💥New Chapter 11 Bankruptcy Filing - QVC Group Inc.💥
Famous retailer reels from dependence upon linear TV, seeks to cut debt to pursue new distribution options.
The demise of the QVC and HSN brands has been greatly exaggerated!
At least that’s according to Kirkland & Ellis LLP’s Joshua Sussberg, serving as lead counsel to Pennsylvania-based QVC Group Inc. (a/k/a Qurate Retail Inc.) and 73 subsidiaries including QVC Inc. and Cornerstone Brands Inc. (“Cornerstone,” collectively with QVC Inc. and the other subsidiaries, the “company”),* which, on April 16, 2026, filed chapter 11 bankruptcy cases in the Southern District of Texas (Judge Perez) with a plan — small “p” for path (forward) and large “P” for plan of reorganization — to deleverage the company’s balance sheet by several billions of dollars.

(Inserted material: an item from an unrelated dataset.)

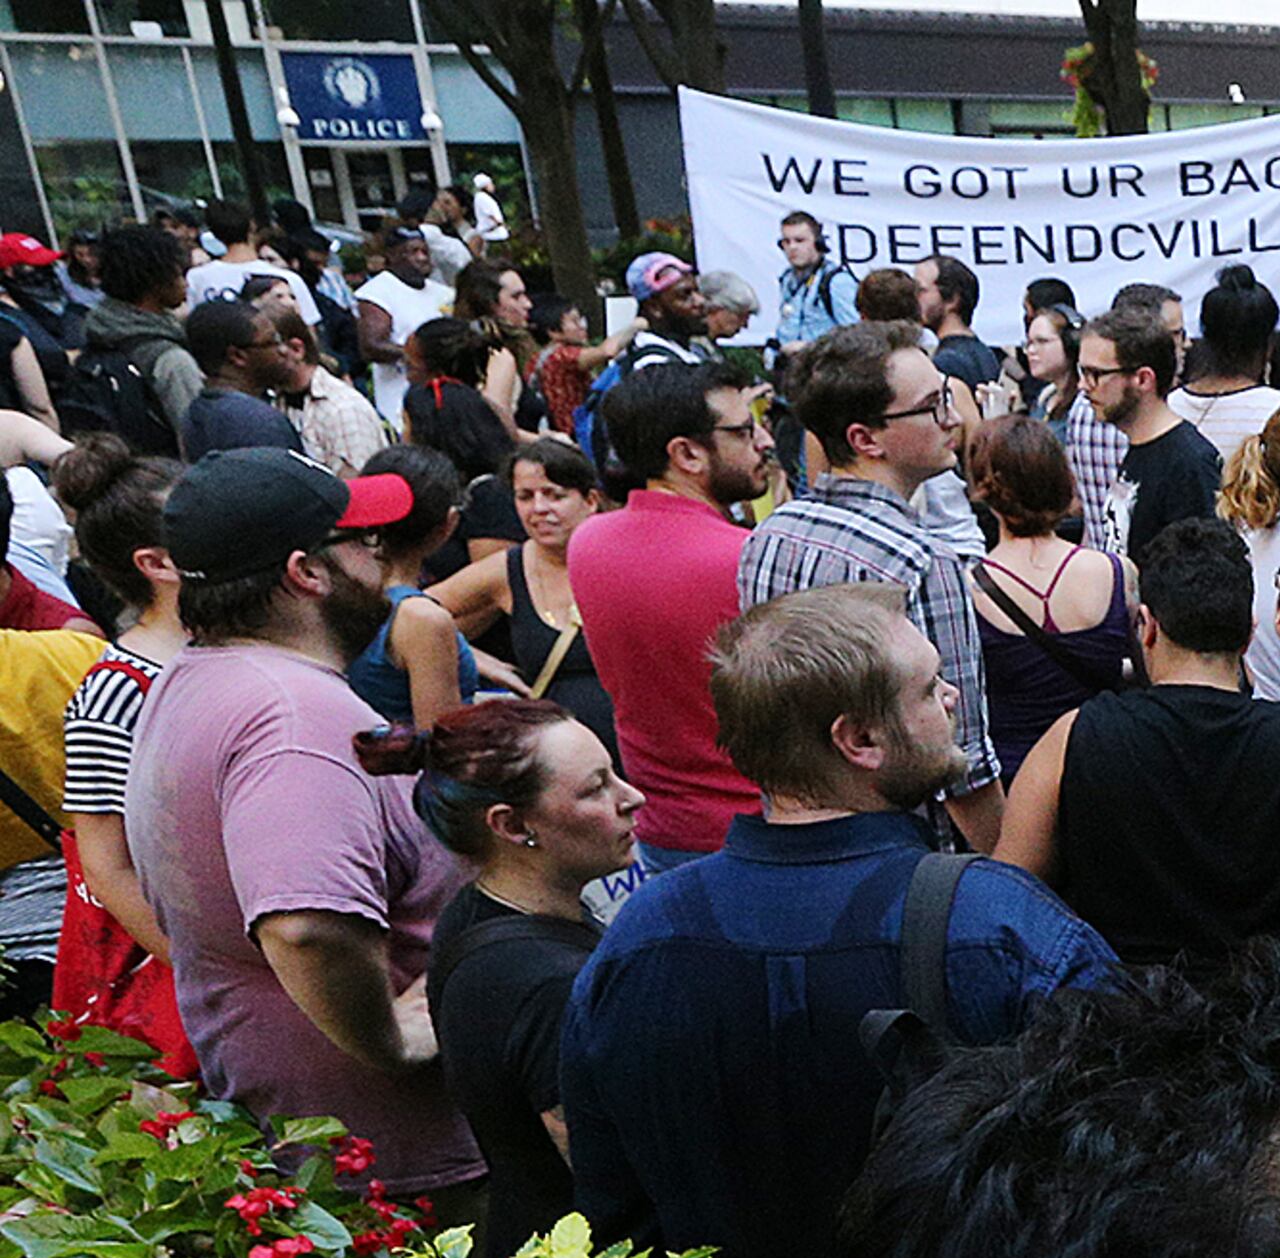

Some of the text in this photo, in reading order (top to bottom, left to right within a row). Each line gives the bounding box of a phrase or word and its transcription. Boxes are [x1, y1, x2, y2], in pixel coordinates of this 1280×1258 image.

[312, 119, 411, 138] POLICE
[761, 153, 870, 196] WE
[904, 165, 1028, 199] GOT
[1062, 164, 1146, 198] UR

That’s right: billions of dollars.
QVC and HSN, as brands, may not be dead — CFO Bill Wafford,** in a declaration that delays the usual preface of background/qualifications and dives right into the state of things, was decidedly clear about that.*** But linear television’s ability to drive enough revenue to service the company’s billions of debt certainly is. That makes this a story of both disruption and evolution. But not death. At least not yet.

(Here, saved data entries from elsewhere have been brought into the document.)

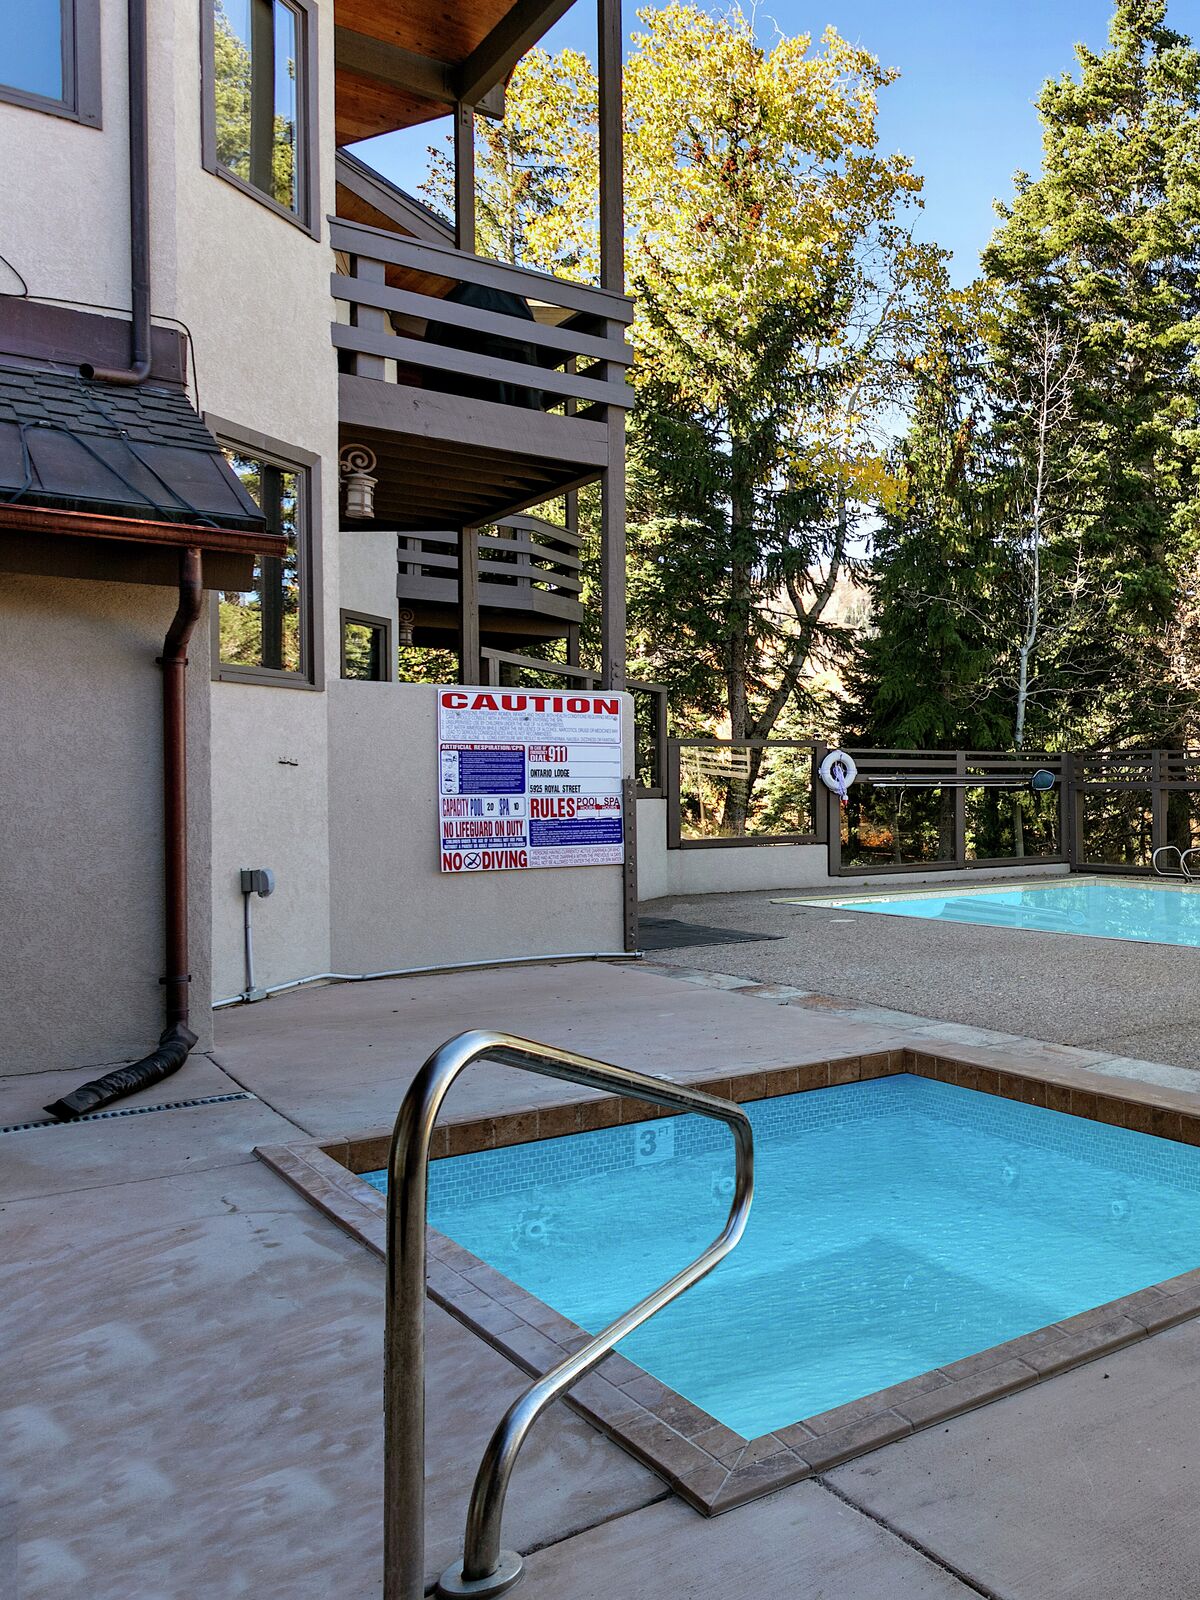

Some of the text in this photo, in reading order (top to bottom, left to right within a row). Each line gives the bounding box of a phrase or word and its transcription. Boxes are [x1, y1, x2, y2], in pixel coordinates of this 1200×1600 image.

[441, 692, 619, 715] CAUTION
[530, 754, 548, 762] DIAL
[548, 746, 566, 762] 911
[530, 768, 552, 778] ONTARIO
[554, 768, 570, 778] LODGE
[529, 784, 543, 793] 5925
[544, 784, 560, 793] ROYAL
[562, 784, 582, 793] STREET
[442, 798, 520, 817] CAPACITY POOL 20 SPA 10
[530, 797, 575, 818] RULES
[576, 797, 620, 806] POOL SPA
[443, 821, 454, 838] NO
[455, 820, 493, 837] LIFEGUARD
[494, 820, 505, 836] ON
[506, 820, 524, 836] DUTY
[443, 849, 528, 872] NO DIVING
[640, 1125, 671, 1156] 3 FT
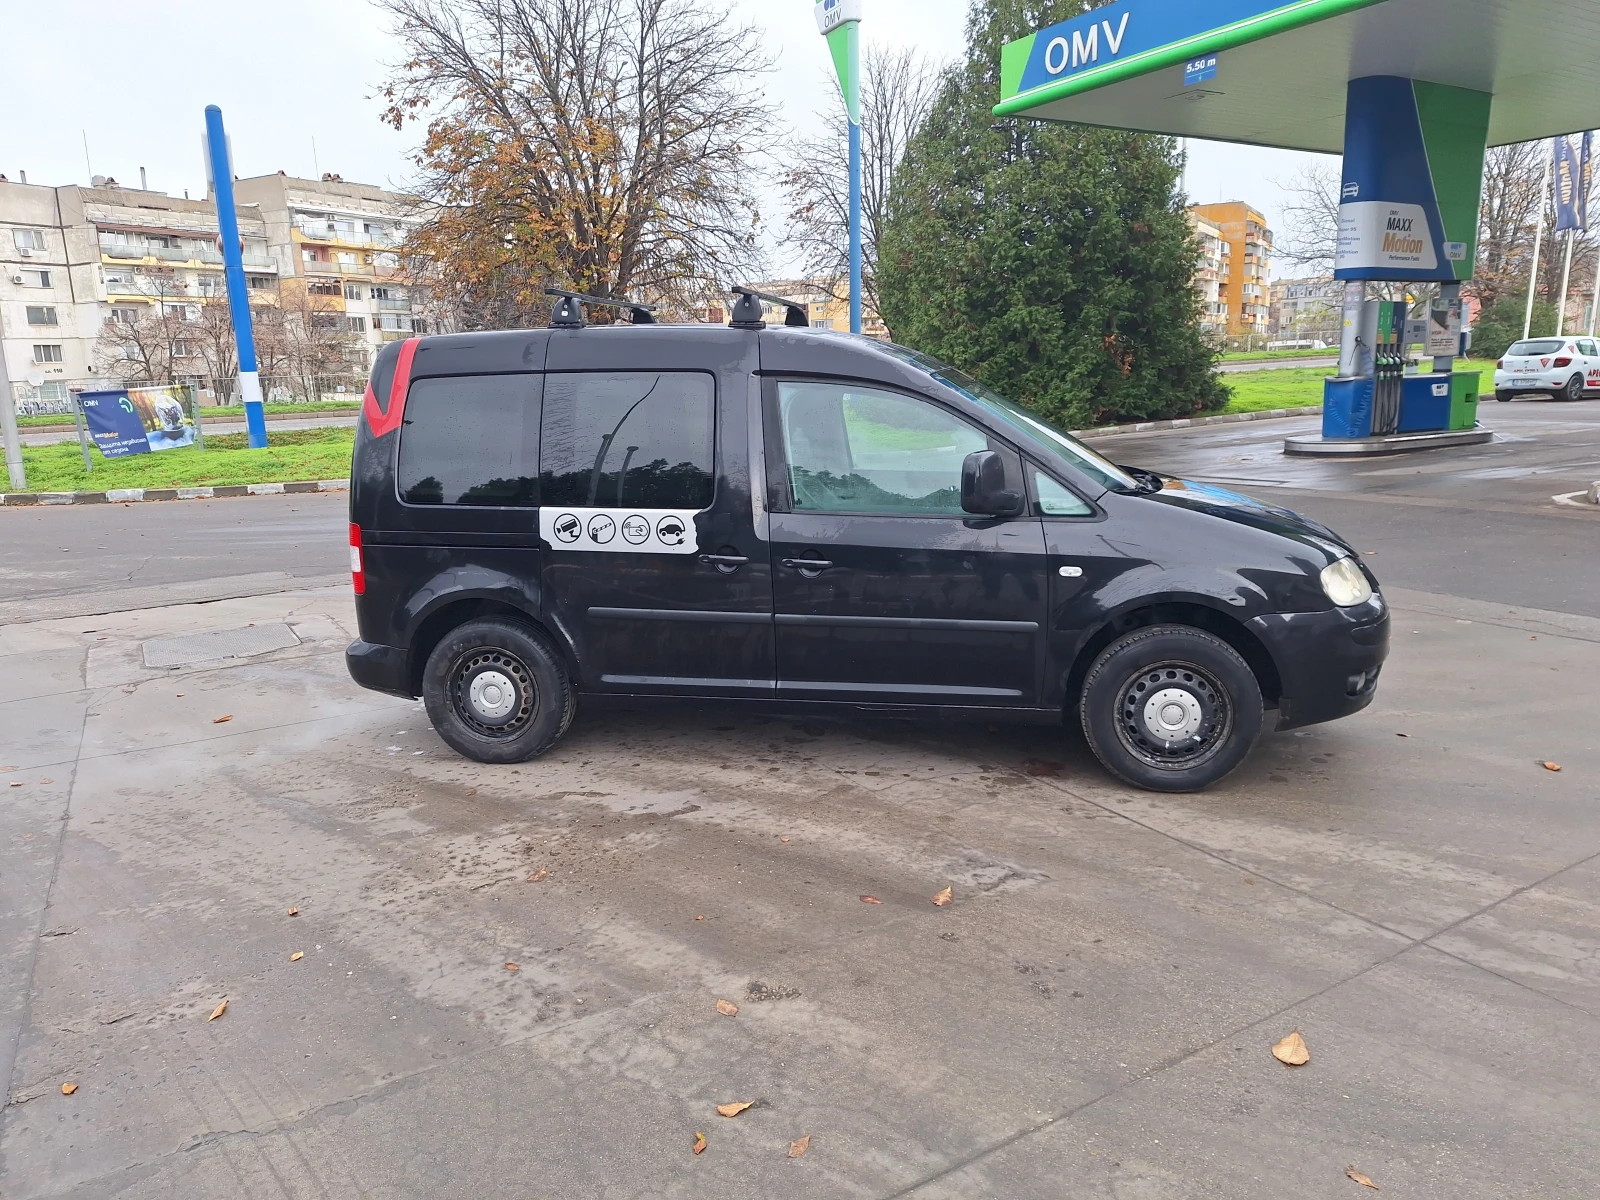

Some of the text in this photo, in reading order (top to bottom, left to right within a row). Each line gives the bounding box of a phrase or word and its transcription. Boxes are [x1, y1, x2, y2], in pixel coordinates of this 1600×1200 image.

[824, 7, 842, 28] OMV
[1044, 11, 1130, 75] OMV
[1186, 57, 1216, 73] 5.50 m
[1386, 217, 1414, 232] MAXX
[1382, 232, 1424, 254] Motion
[83, 399, 99, 407] OMV

Indeed, the company’s evolution is already under way. Over to you Mr. Wafford:
“…QVC Group launched the first ever 24/7 livestream programming on TikTok in April 2025, quickly becoming a top seller on TikTok Shop in the United States, acquiring over 1 million new customers on TikTok in 2025 alone. This business is expected to double in 2026.”
Contemporaneously,
“QVC Group streaming services have approximately 1.3 million monthly average users, and television broadcast continues to have an engaged customer base, with approximately 91% of sales shipped worldwide coming from repeat customers.”
Which is to say that the company believes it is well-positioned to capitalize on new technologies; it has “…decades of experience with content creation and production expertise; deep vendor relationships; a mature distribution network; and brand recognition….” Already, the company has omni-channel infrastructure and reaches 88mm homes via five television channels, and reaches millions of other people through (i) the QVC.com and HSN.com web sites, (ii) virtual multichannel video programming distributors (including Hulu + Live TV, DirecTV Stream and YouTube TV), (iii) streaming video, and (iv) other digital platforms like Facebook Live, Apple TV, and Amazon Fire.
It also has a complex corporate structure**** …
… and a massive capital structure👇:
And servicing that cap stack is, the company says, preventing the company from leaning into its evolution and investing in its survival the future.*****
So cue more the liability management? Not so fast. It seems we’re seeing the new Kirkland & Ellis LLP playbook — $80mm “guaranteed” for three years notwithstanding — geared towards advising clients to just do what needs to be done and stop f*cking around. Per Mr. Wafford, “QVC Group’s debt burden—premised on now-declining cash flows from linear TV—has impaired its ability to invest at the level necessary to fully transition to the new digital and live social shopping age. And while various parties were interested in several different “liability management” exercises, QVC Group recognized—in the face of linear TV decline—the time had come to address its U.S. balance sheet.” Man that’s dripping with subtext, 🔥.****** So after eight months of planning and negotiating, the company is ready to put itself through the in-court part of all of this — and emerge in less than two months! Ambitious!!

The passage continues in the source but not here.